Theatersammlungen in Deutschland







Die unterschiedlichen Formen des Theaters in seinen Ausprägungen als Sprechtheater, Oper, Tanz/Ballett, als Kabarett, Pantomime, Puppen- und Figurentheater, als Theater für Kinder, Jugendtheater, Laientheater, Volks- und volkstümliches Theater, Bauerntheater, Spektakel, Knasttheater, Freilichttheater, Sommertheater – um nur die gängigsten Spielarten zu nennen – haben eines gemeinsam: Theater ist immer live und findet immer vor Publikum statt. Es ist die vergänglichste aller Kunstformen, aber die Darsteller*innen „sind der Spiegel und die abgekürzte Chronik des Zeitalters“ (Shakespeare: Hamlet II 1). Keine andere Kunst ist so wie das Theater der Gegenwart anheimgegeben und gleichzeitig so ein getreues Abbild dieser jeweiligen Gegenwart, sei es des 18., des 19., des 20. oder des 21. Jahrhunderts. Und kein anderes Kunstwerk nimmt die anderen Künste so uneingeschränkt in seine Dienste wie das Theater!

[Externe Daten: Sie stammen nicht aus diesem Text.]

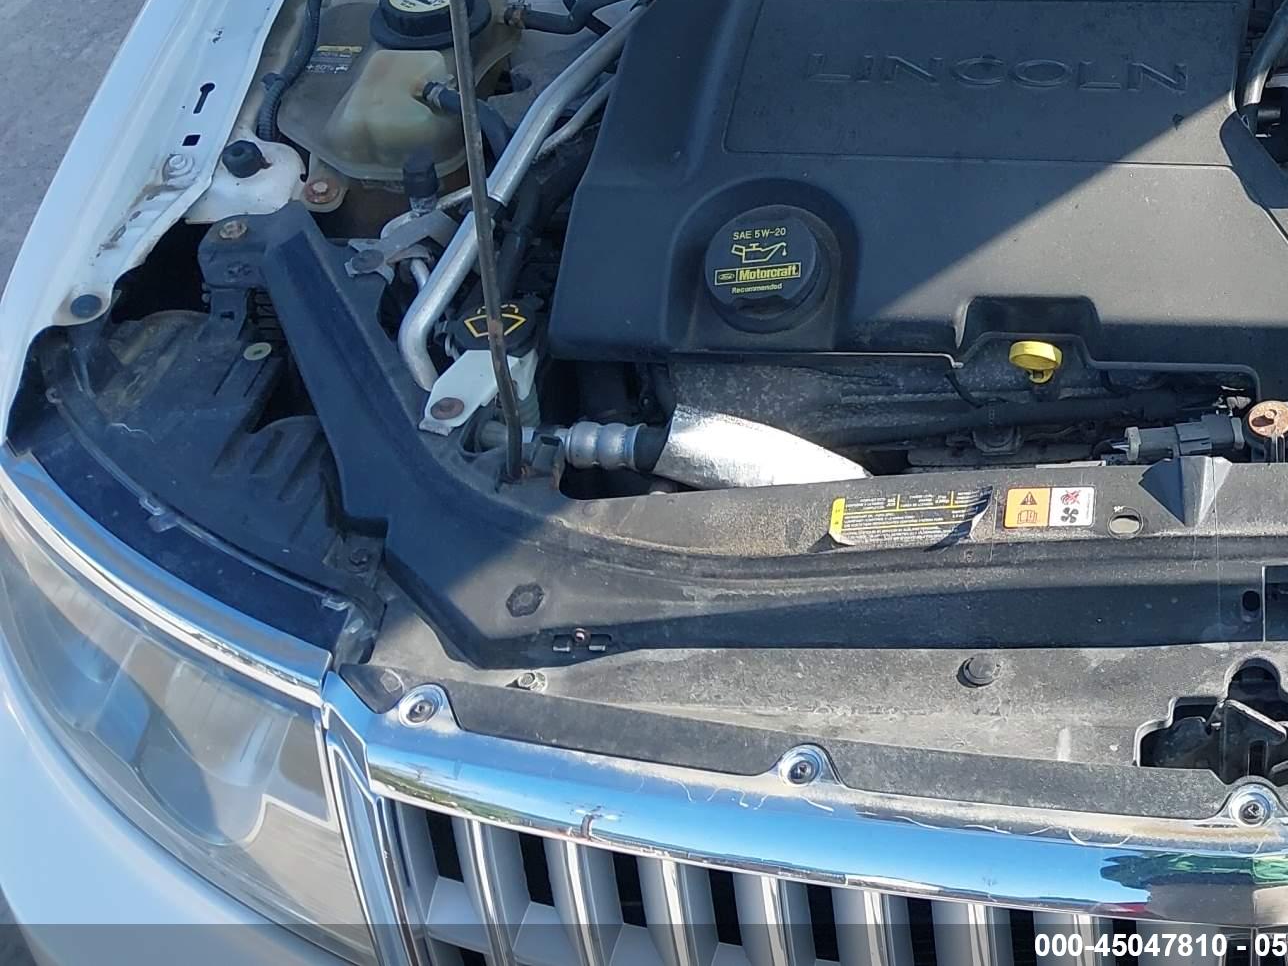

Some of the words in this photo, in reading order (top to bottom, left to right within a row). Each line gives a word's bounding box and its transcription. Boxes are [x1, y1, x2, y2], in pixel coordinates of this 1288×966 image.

[804, 52, 1190, 93] LINCOLN
[732, 229, 752, 241] SAE
[754, 227, 786, 240] 5W-20
[731, 282, 783, 294] Recommended

Der Bundesverband der Theatersammelnden Institutionen in Deutschland (TheSiD) versteht sich als Interessenvertretung der deutschen Theaterarchive, -bibliotheken und -museen. Er ist der deutsche Zweig der Internationalen Gesellschaft der Bibliotheken und Museen für Darstellende Künste (Société Internationale des bibliothèques et des musées des arts du spectacle = SIBMAS). Die TheSiD hat momentan 23 institutionelle und vier persönliche Mitglieder.

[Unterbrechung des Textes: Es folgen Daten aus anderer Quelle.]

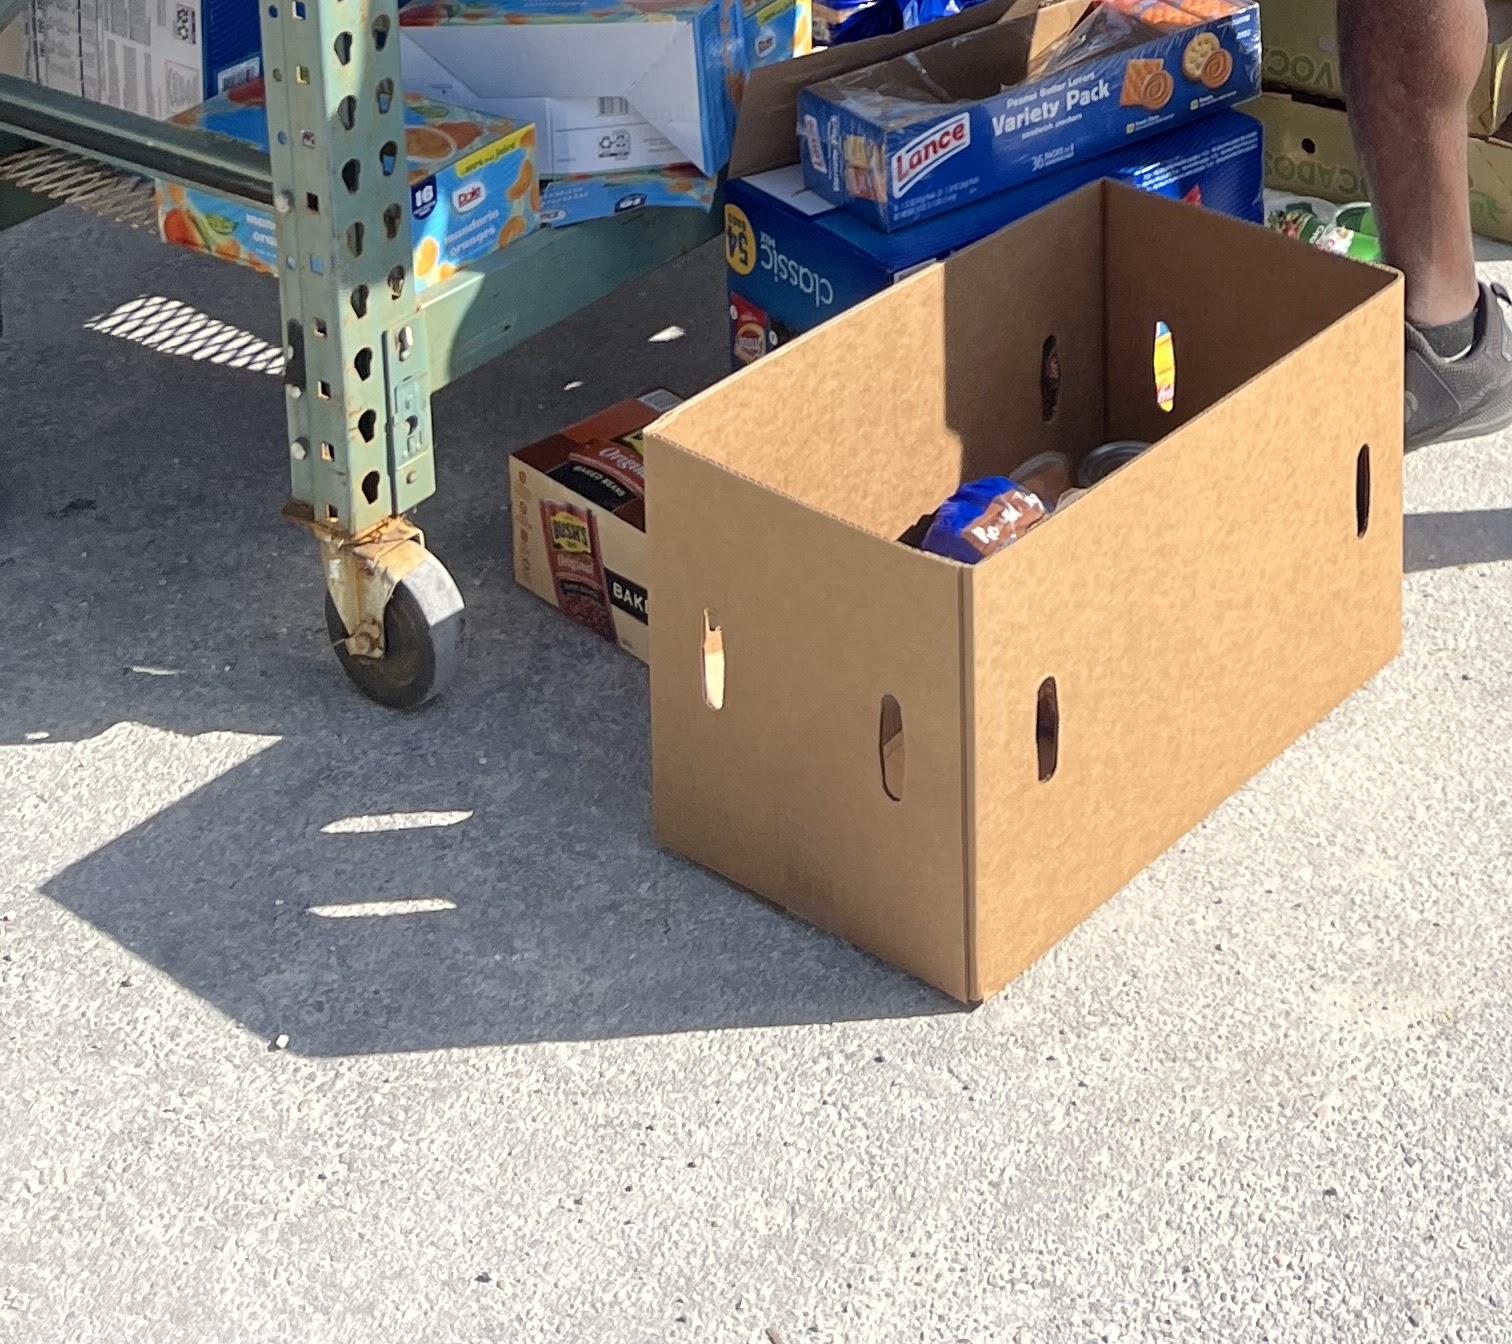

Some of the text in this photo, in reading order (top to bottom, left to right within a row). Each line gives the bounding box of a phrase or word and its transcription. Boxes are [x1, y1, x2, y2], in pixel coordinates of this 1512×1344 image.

[991, 78, 1111, 136] Variety Pack
[1006, 89, 1038, 109] Peanut
[1039, 82, 1066, 97] Butter
[896, 121, 967, 183] Lance
[458, 186, 481, 209] Dole
[449, 226, 497, 257] oranges
[726, 225, 749, 267] 54
[760, 243, 834, 308] classic
[553, 517, 588, 545] BUSH'S
[612, 580, 649, 614] BAK

All dies, was zum Kernbereich des materiellen kulturellen Erbes gehört und das nachdrücklich auf das immaterielle Kulturerbe des Theaters verweist, ist aber auch immer wieder durch jene bedroht, die dieses ihnen anvertraute Erbe nicht verstehen und nicht schätzen. Die TheSiD will in der Öffentlichkeit ein Bewusstsein und auch die Wertschätzung schaffen für diese oft einmaligen kulturellen Schätze, die man bewahren, aber auch erklären muss, denn das Materielle verweist auf den eigentlichen Gehalt des Immateriellen. Eine spannende Sache!